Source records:
========
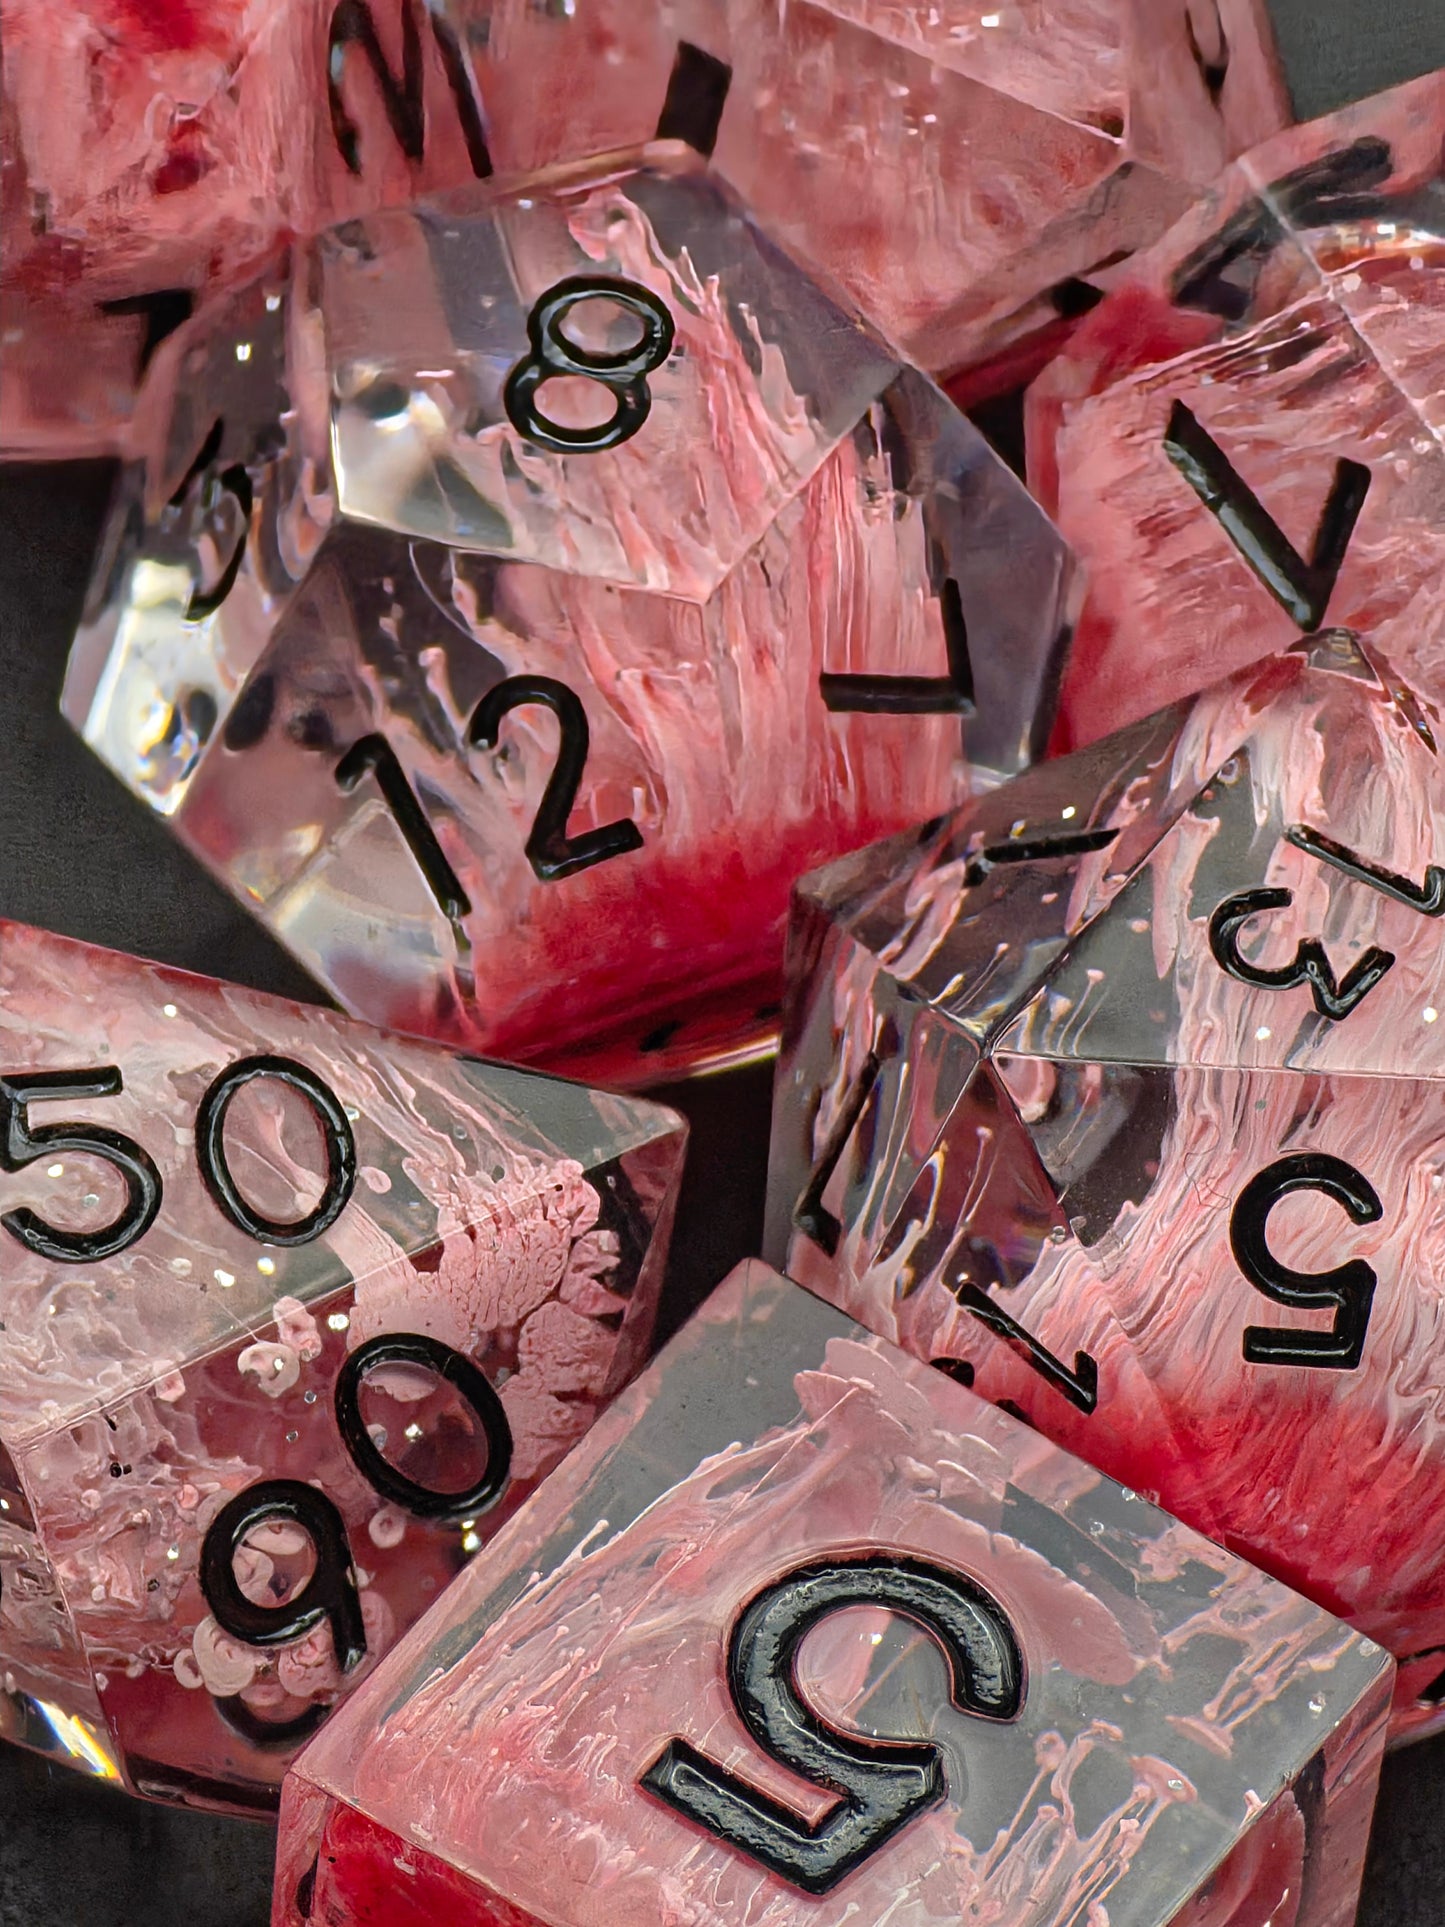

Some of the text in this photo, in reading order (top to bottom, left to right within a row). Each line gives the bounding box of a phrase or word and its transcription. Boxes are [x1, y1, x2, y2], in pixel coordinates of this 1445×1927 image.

[505, 274, 675, 454] 8
[335, 674, 643, 920] 12
[1209, 824, 1445, 1021] 13
[0, 1054, 356, 1263] 50
[1230, 1152, 1383, 1370] 5
[200, 1333, 514, 1675] 90
[639, 1555, 1026, 1896] 5
========
** The task **
The data above must be given again in full and unaltered, minus its images.

** Task result **
Some of the text in this photo, in reading order (top to bottom, left to right within a row). Each line gives the bounding box of a phrase or word and its transcription. Boxes are [x1, y1, x2, y2], in pixel coordinates of this 1445×1927 image.

[505, 274, 675, 454] 8
[335, 674, 643, 920] 12
[1209, 824, 1445, 1021] 13
[0, 1054, 356, 1263] 50
[1230, 1152, 1383, 1370] 5
[200, 1333, 514, 1675] 90
[639, 1555, 1026, 1896] 5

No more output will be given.